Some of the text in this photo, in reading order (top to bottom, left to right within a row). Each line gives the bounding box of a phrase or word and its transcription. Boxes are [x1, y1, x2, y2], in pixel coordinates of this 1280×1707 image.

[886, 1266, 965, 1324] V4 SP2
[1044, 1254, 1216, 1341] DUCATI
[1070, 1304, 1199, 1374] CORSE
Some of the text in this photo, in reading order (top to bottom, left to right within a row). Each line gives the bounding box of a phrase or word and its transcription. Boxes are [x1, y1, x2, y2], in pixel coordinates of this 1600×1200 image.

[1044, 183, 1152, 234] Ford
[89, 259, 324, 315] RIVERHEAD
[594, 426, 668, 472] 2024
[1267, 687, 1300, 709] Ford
**********
Prompt: Keeping each line exactly as it is, retype all of the data.

Result for this exercise:
Some of the text in this photo, in reading order (top to bottom, left to right within a row). Each line gives the bounding box of a phrase or word and its transcription. Boxes are [x1, y1, x2, y2], in pixel coordinates of this 1280×1707 image.

[886, 1266, 965, 1324] V4 SP2
[1044, 1254, 1216, 1341] DUCATI
[1070, 1304, 1199, 1374] CORSE
Some of the text in this photo, in reading order (top to bottom, left to right within a row). Each line gives the bounding box of a phrase or word and its transcription. Boxes are [x1, y1, x2, y2], in pixel coordinates of this 1600×1200 image.

[1044, 183, 1152, 234] Ford
[89, 259, 324, 315] RIVERHEAD
[594, 426, 668, 472] 2024
[1267, 687, 1300, 709] Ford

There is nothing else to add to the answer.